My Leo man and I have been in the worst fight (more like a Cold War) since Thursday.

So my Leo man started a new job a few weeks ago that requires long hours and commutes. I know it must be stressful, but in the prior weeks, everything with us was fine and he never expressed any problems at work.

However, starting last Monday, Leo man has been very distant. I had some really scary medical tests done on me and a new job interview last week and Leo man has not been there at all. He'll be there physically, but not mentally or emotionally. I have always been the independent one, giving Leo all the attention he needs (and he will get mad if I don't give enough).
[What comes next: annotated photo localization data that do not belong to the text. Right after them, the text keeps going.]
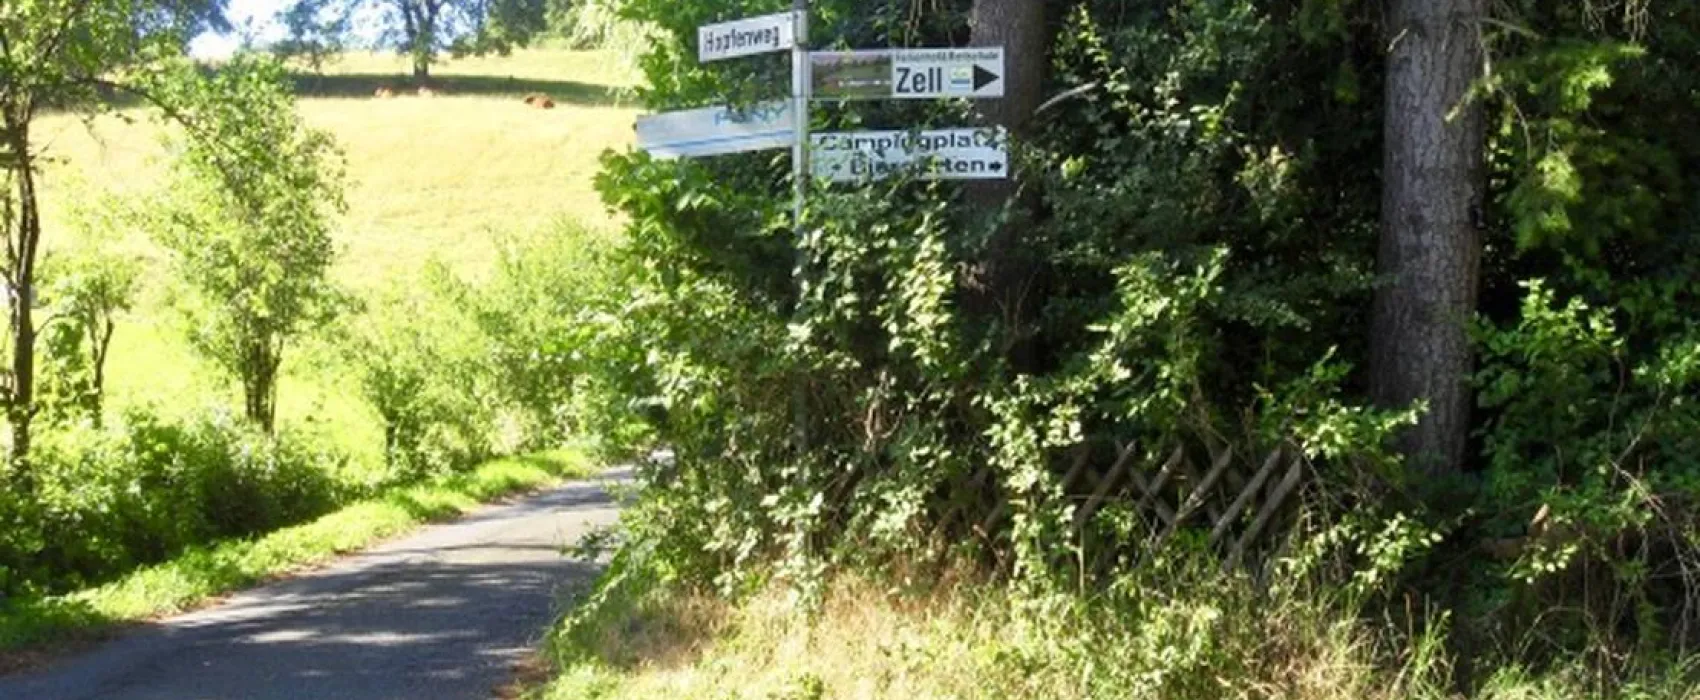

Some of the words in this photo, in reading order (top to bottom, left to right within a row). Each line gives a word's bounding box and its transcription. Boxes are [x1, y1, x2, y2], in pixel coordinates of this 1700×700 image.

[704, 26, 779, 53] Hopfenweg
[896, 66, 942, 93] Zell
[819, 128, 1000, 152] Campigpla
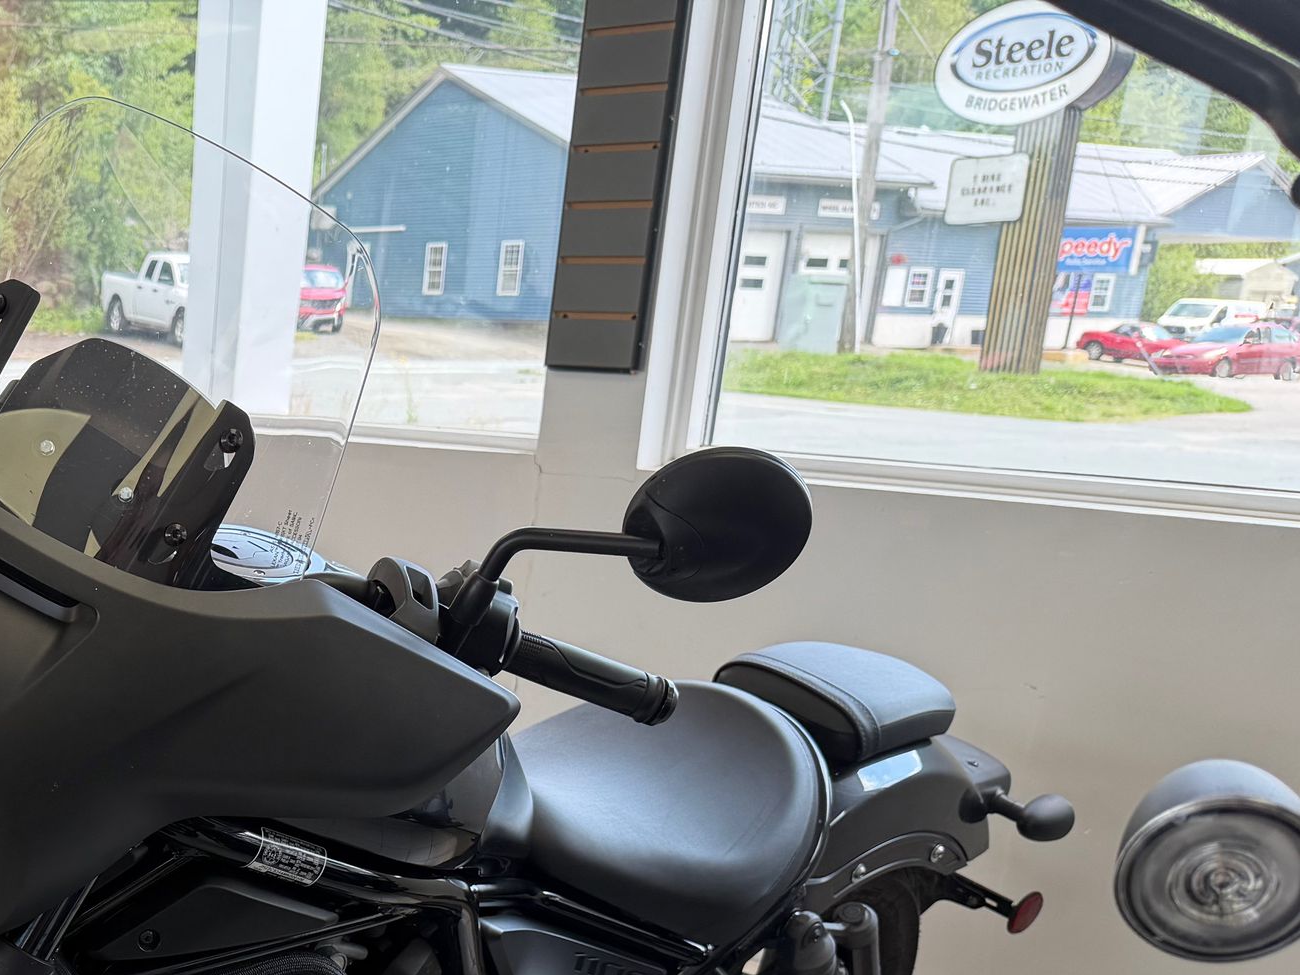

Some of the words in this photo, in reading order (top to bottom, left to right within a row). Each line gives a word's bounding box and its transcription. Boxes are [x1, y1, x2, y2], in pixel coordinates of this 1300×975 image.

[972, 29, 1074, 68] Steele
[975, 62, 1064, 81] RECREATION
[965, 83, 1068, 111] BRIDGEWATER
[1059, 234, 1132, 261] peedy
I just needed my Leo to hold me and comfort me like he used to always do, but it didn't happen.

I tried to tell him I felt distant nicely. Then I woke up in the middle of night crying hysterically because even though he was in bed next to me, I still felt so faraway from him and he comforted me temporarily. I texted him at work a couple days later to tell him I still felt unhappy and distant and we should talk about it.

He did not take well to my texts and said: "Going to take some alone time to figure things out. I'll miss you. Be safe." Leo has made empty threats like that before but usually comes around by the end of the day.

It's now been 4 days. I've tried to reach out to him to tell him how much I miss him and love him, but he ignores me. Being ignored without a chance to explain my side infuriates me more than anything, so the texts I sent him began to sound desperate as I tried to make him understand how badly he is hurting me. I felt out of control and couldn't stop crying all weekend.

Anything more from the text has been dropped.